Itanium tried "VLIW + compiler smarts" and the takeaway, I think, was that it was just too hard to build good enough static analysis to beat a conventional out-of-order CPU.

sklogic · on Aug 11, 2015

The problem with the OoO is that it's a way too expensive (in terms of power and area) in many cases. You won't ever see OoO in GPUs and DSPs, unlikely in the microcontrollers. So, VLIW and the other "stupid core, smart compiler" approaches are still legitimate and will always remain valuable.

cfallin · on Aug 11, 2015

Yup, in some domains it definitely still makes sense. GPUs work well for highly-data-parallel applications (they're essentially vector machines, modulo branch divergence) and VLIW-style DSPs work because the code is numerical and easy to schedule at compile time.

I've worked mostly in the "need performance as high as possible for general-purpose code" domain, so I may be biased!

jcranmer · on Aug 10, 2015

Ever hear of this process called MIPS? The design behind MIPS (Machine without Interlocking Processor Stages) was originally based on the notion that every time the hardware needed to introduce a bubble, the CPU would instead continue executing instructions--giving rise to load slots and branch delay slots.

The resulting finds from practice were that these new slots were hard to fill (i.e., mostly nops), and, instead of making hardware simpler, they made hardware much more complex if you ever decide to adjust microarchitectural details.

There is some limited support for poking the cache, though (prefetching, flushes, bypass, load streaming), but all of those techniques tend to be very coarse-grained.

sliverstorm · on Aug 10, 2015

They have been produced, but x86's dominance has always been about fungibility and idiot-proofness while maintaining acceptable performance. It's never been the fastest possible or cheapest possible architecture; it's the architecture whose success has been built upon hiding all the complicated bits behind the curtains, so that software people can worry about software and not hardware.

There actually are some performance upsides to that too.
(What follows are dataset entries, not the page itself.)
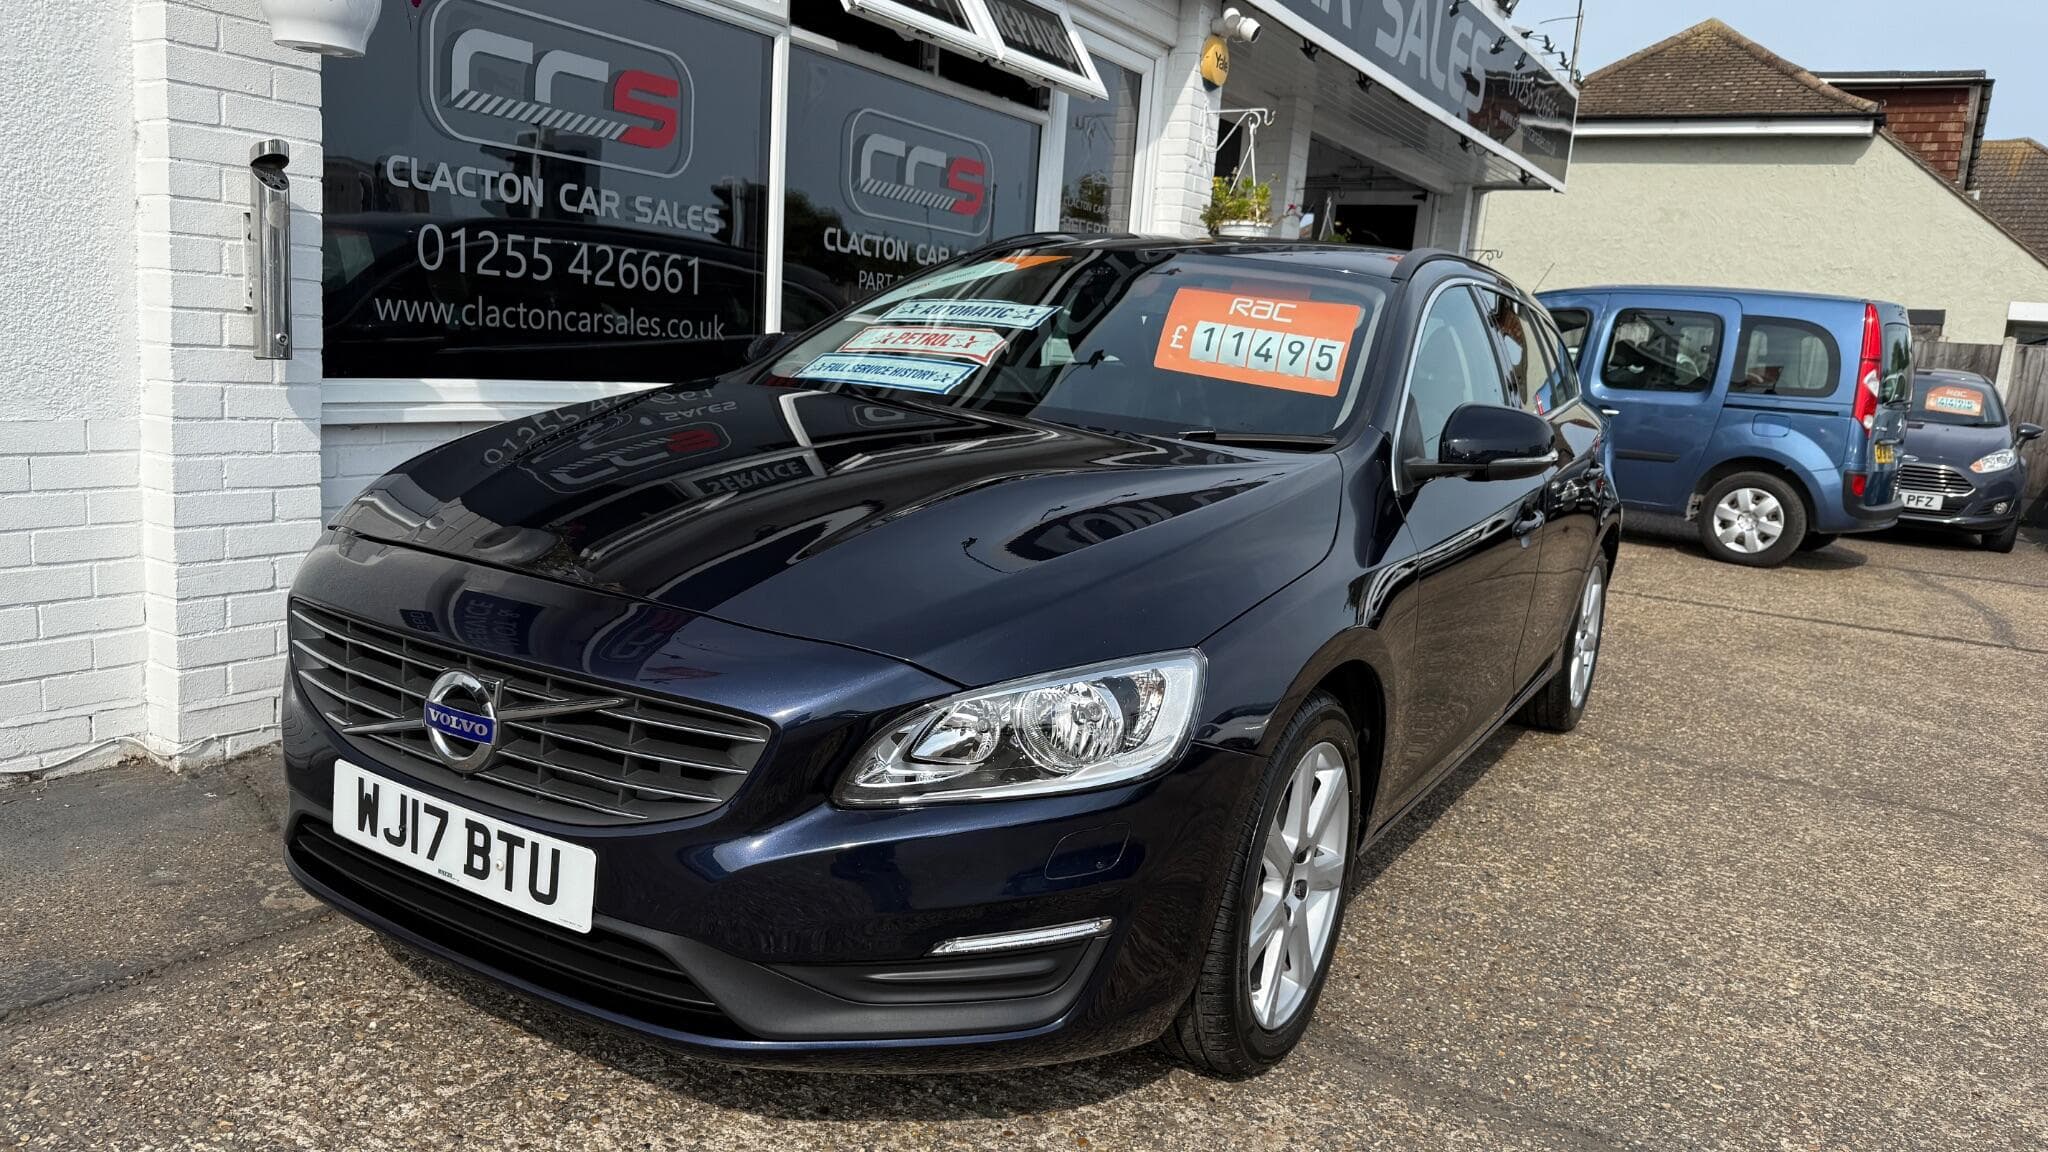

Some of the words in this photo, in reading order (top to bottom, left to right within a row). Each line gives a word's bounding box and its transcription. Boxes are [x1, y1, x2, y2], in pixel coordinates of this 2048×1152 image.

[1375, 0, 1494, 115] SALES
[451, 28, 679, 149] CCS
[386, 154, 544, 208] CLACTON
[560, 183, 620, 219] CAR
[635, 196, 721, 235] SALES
[860, 133, 985, 216] CCS
[418, 223, 552, 281] 01255
[568, 247, 701, 296] 426661
[823, 227, 908, 263] CLACTON
[859, 270, 894, 291] PART
[375, 296, 725, 342] www.clactoncarsales.co.uk
[917, 304, 1012, 319] AUTOMATIC
[894, 331, 953, 348] PETROL
[1202, 326, 1337, 372] 11495
[825, 362, 851, 373] FULL
[851, 364, 891, 376] SERVICE
[891, 366, 937, 381] HISTORY
[1906, 494, 1935, 508] PFZ
[428, 707, 489, 737] VOLVO
[356, 776, 450, 862] WJ17
[463, 817, 562, 906] BTU
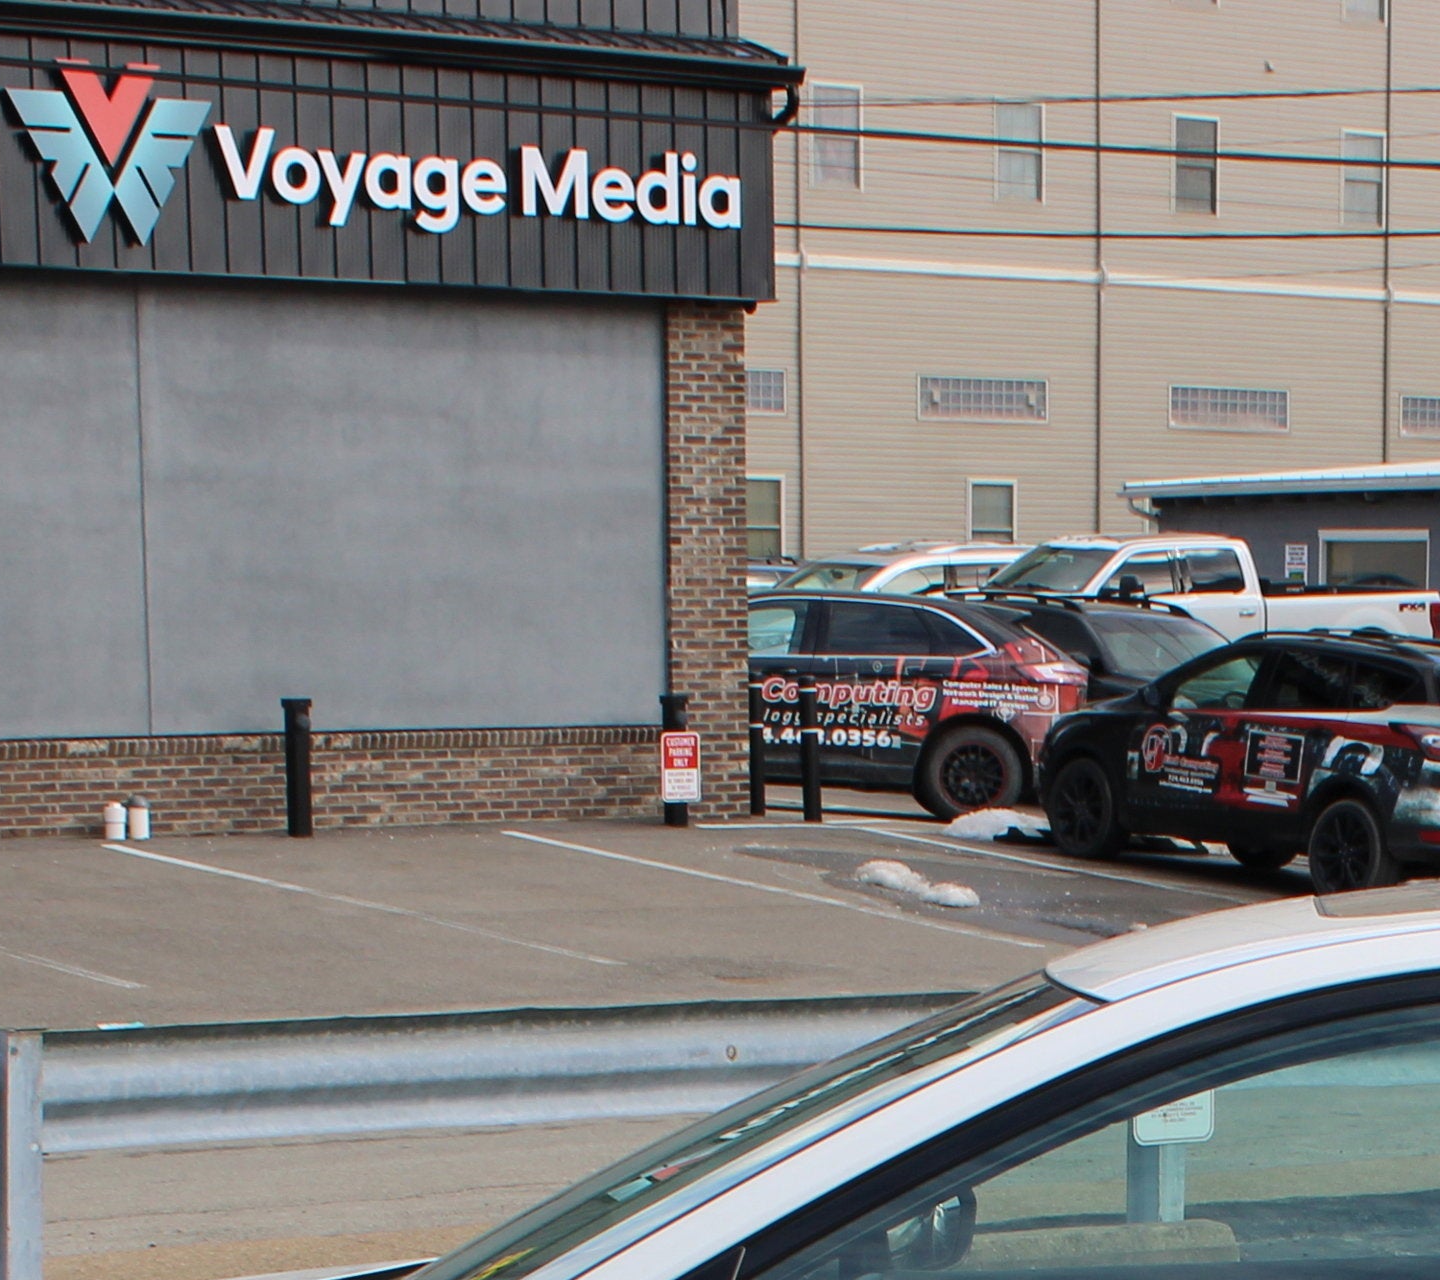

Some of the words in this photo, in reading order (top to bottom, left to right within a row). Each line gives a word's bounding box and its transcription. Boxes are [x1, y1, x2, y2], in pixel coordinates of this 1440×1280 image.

[213, 123, 507, 234] Voyage
[520, 145, 743, 230] Media
[673, 758, 688, 767] ONLY
It allows the chip architects to radically change the underpinnings of the chip with impunity, doing whatever works best on the current process node and using the latest advancements from computing research.
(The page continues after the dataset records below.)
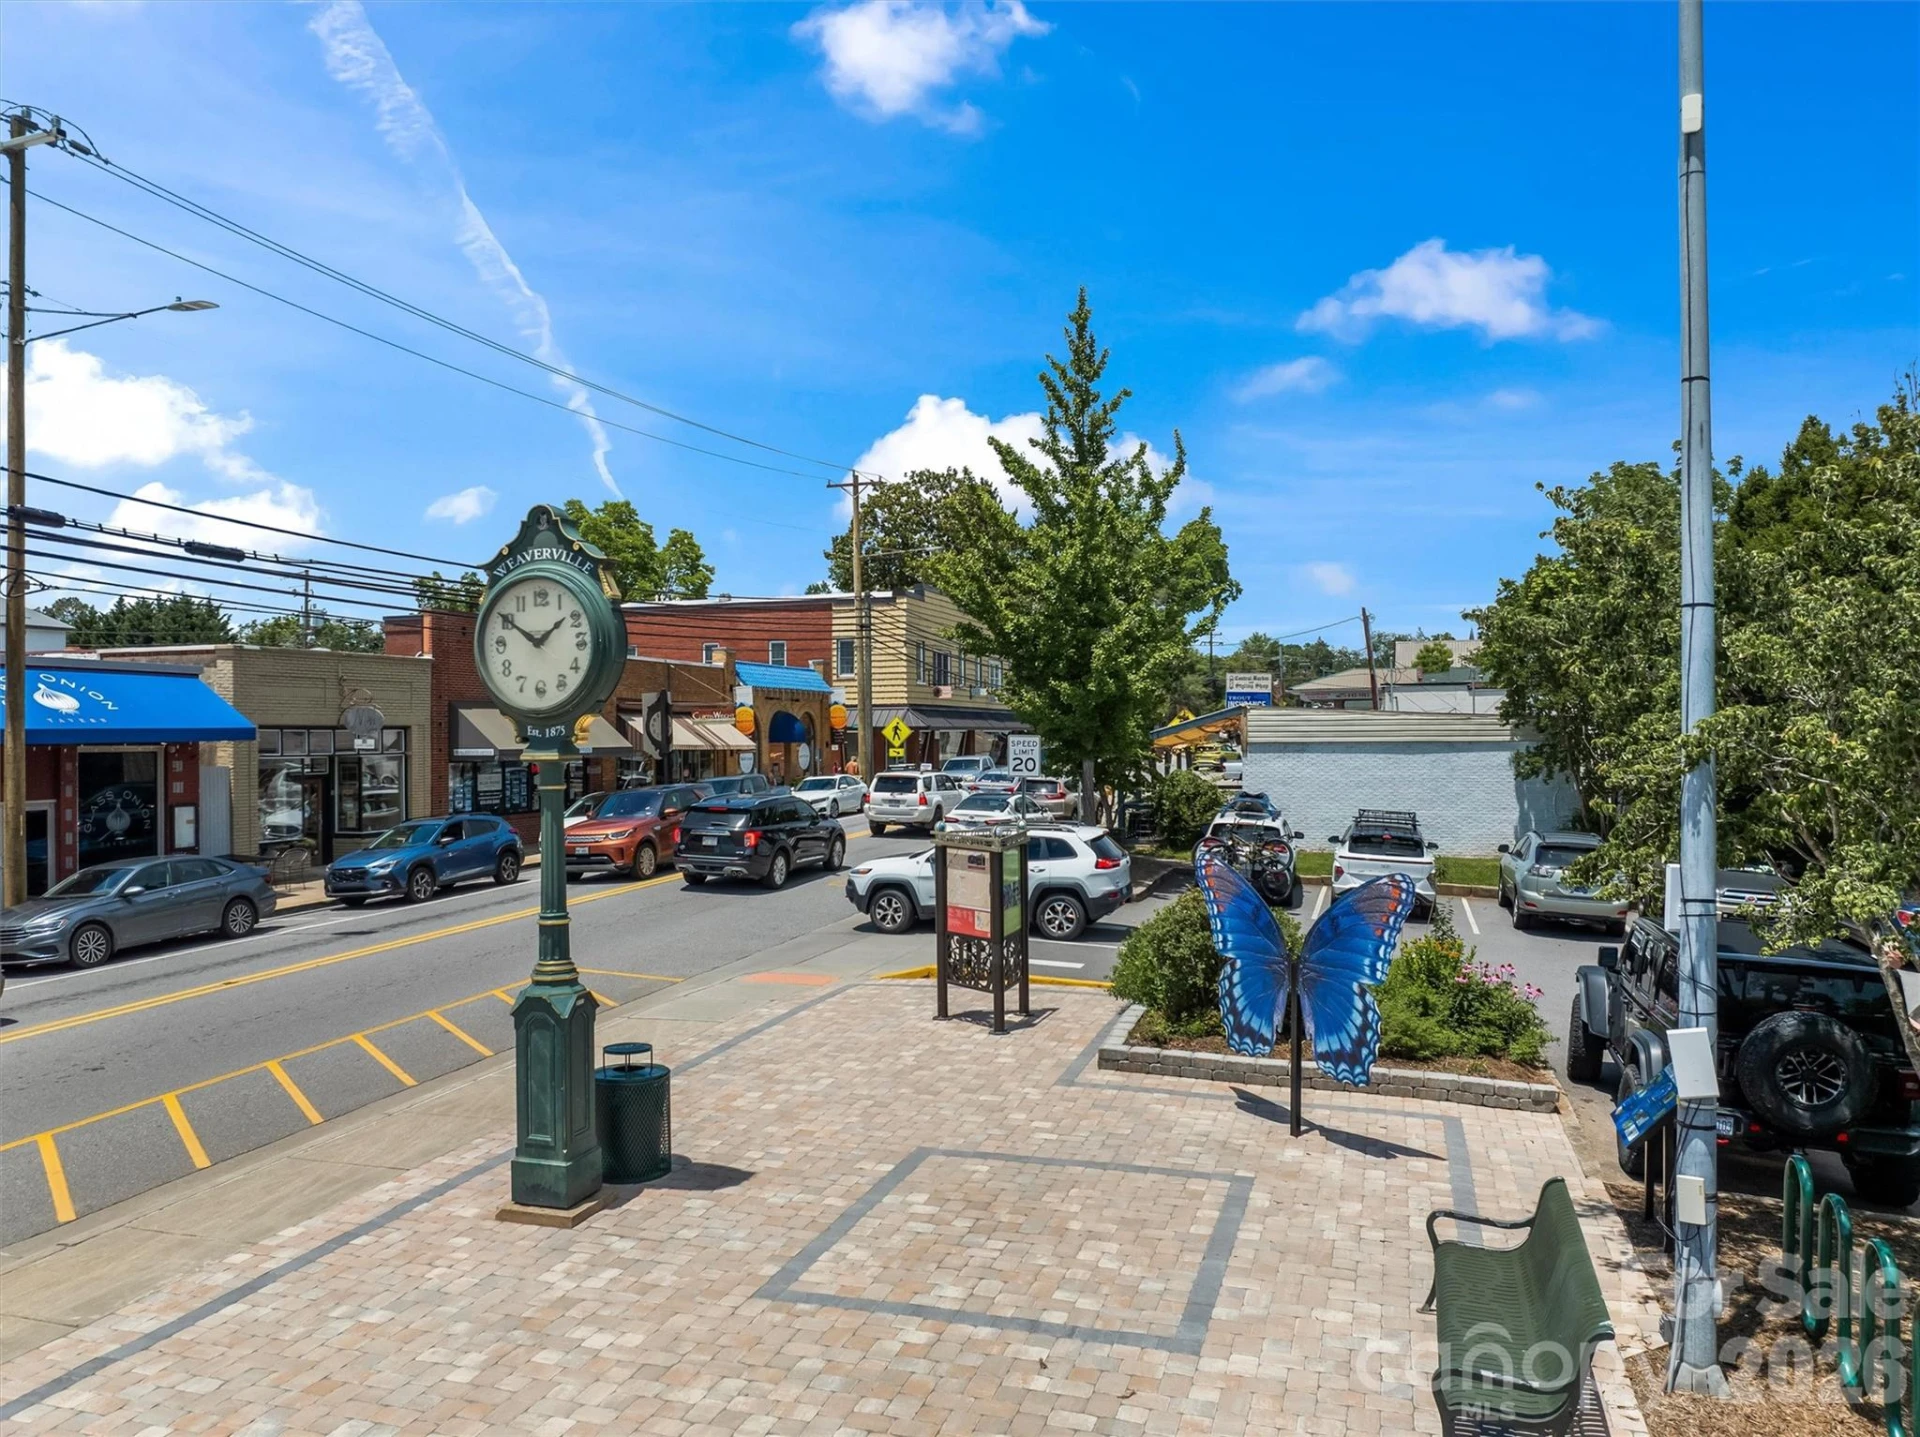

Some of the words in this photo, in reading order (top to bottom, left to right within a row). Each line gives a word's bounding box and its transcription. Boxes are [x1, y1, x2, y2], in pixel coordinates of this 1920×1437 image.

[493, 548, 594, 577] WEAVERVILLE
[515, 595, 526, 613] 11
[534, 589, 550, 607] 12
[570, 610, 582, 628] 2
[495, 635, 507, 655] 9
[575, 632, 588, 651] 3
[502, 659, 512, 677] 8
[570, 657, 581, 674] 4
[39, 673, 119, 710] ONION
[515, 675, 528, 693] 7
[535, 680, 547, 698] 6
[556, 674, 567, 692] 5
[545, 725, 566, 738] 1875
[1011, 740, 1038, 748] SPEED
[1012, 757, 1036, 772] 20
[83, 791, 115, 833] GLASS
[123, 790, 152, 829] ONION
PythonicAlpha · on Aug 10, 2015

Another reason might be security: There are already attacks known, that are using the CPU cache and/or instruction pipeline to break the boundaries of virtualization. With today's virtualizable processors, it becomes more and more important, that the users can not access to much of the processors implementation details.

sklogic · on Aug 10, 2015

There are architectures that require manual pipeline control. MIPS, for example, or any VLIW architecture (including many of the modern GPUs). Cache is also often programmable (see scratch memory in Sparc, local memory in GPUs, etc.)